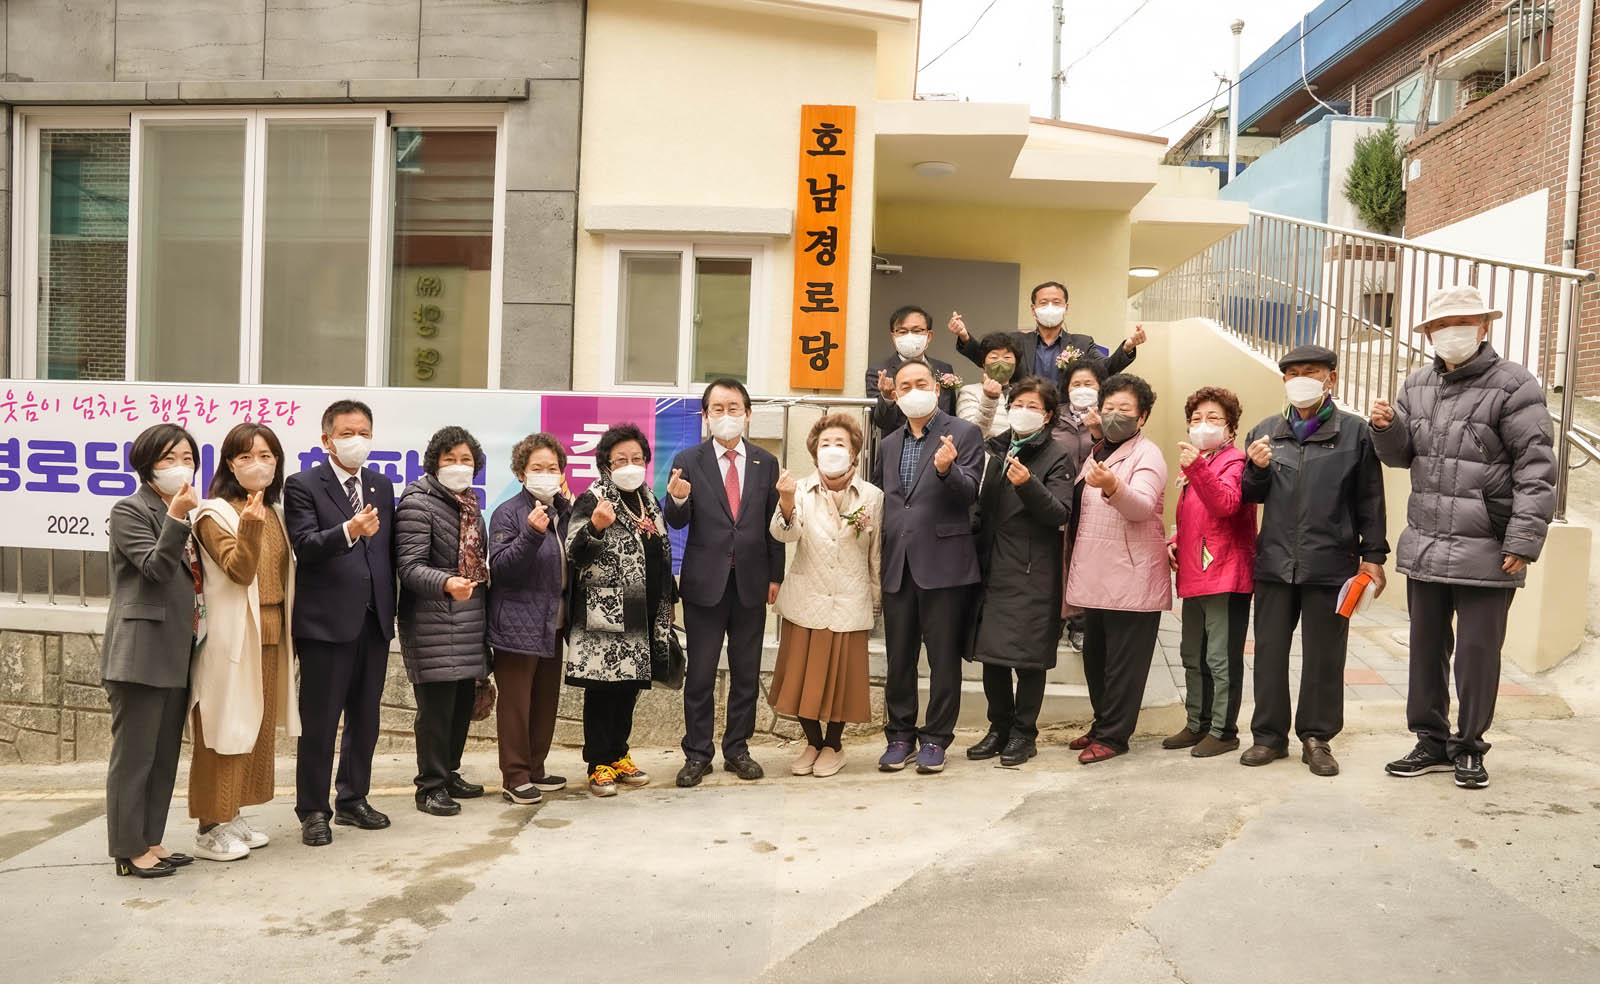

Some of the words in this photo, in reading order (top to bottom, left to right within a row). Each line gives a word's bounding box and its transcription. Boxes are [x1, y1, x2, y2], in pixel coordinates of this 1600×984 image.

[799, 122, 846, 372] 호남경로당
[0, 389, 60, 423] 웃음이
[73, 394, 139, 421] 넘치는
[150, 394, 220, 430] 행복한
[230, 398, 301, 426] 경로당
[47, 515, 95, 536] 2022.

— EXERCISE GOAL —
Set down the material above word for word and skip its pictures.

— RESULT FOR THIS EXERCISE —
Some of the words in this photo, in reading order (top to bottom, left to right within a row). Each line gives a word's bounding box and its transcription. Boxes are [x1, y1, x2, y2], in pixel coordinates of this 1600×984 image.

[799, 122, 846, 372] 호남경로당
[0, 389, 60, 423] 웃음이
[73, 394, 139, 421] 넘치는
[150, 394, 220, 430] 행복한
[230, 398, 301, 426] 경로당
[47, 515, 95, 536] 2022.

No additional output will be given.